** The problem **
The lines from the one containing "this 1536×2048 image." through the end of the entries are what to output; reproduce them exactly and add nothing.
Data provided below:
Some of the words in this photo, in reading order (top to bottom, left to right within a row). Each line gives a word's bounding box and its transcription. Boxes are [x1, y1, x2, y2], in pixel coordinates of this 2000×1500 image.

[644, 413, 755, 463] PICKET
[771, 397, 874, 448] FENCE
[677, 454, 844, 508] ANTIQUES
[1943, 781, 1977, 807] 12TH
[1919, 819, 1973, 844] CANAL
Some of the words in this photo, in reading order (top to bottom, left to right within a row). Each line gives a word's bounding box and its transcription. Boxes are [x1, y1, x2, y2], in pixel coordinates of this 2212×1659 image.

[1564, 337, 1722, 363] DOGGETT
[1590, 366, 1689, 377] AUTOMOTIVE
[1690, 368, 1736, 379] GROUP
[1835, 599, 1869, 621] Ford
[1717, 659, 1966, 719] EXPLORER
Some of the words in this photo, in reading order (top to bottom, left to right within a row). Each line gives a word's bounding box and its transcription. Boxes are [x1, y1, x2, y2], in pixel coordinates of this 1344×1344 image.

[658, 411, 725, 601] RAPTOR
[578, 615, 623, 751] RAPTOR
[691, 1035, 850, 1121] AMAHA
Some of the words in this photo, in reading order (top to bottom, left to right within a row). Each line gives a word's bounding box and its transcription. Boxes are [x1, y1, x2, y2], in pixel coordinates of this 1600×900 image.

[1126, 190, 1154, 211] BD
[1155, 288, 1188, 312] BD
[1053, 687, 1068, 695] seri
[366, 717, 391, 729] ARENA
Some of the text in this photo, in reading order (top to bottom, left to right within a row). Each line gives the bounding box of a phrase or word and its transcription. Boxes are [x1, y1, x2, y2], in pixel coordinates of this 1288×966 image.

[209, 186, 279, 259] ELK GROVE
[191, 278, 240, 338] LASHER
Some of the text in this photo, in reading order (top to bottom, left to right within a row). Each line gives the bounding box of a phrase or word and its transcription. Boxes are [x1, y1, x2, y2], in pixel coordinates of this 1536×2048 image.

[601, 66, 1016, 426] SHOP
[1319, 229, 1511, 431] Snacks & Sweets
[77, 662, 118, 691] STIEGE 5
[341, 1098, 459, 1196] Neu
End of Data provided.
** Answer below **
Some of the text in this photo, in reading order (top to bottom, left to right within a row). Each line gives the bounding box of a phrase or word and its transcription. Boxes are [x1, y1, x2, y2], in pixel coordinates of this 1536×2048 image.

[601, 66, 1016, 426] SHOP
[1319, 229, 1511, 431] Snacks & Sweets
[77, 662, 118, 691] STIEGE 5
[341, 1098, 459, 1196] Neu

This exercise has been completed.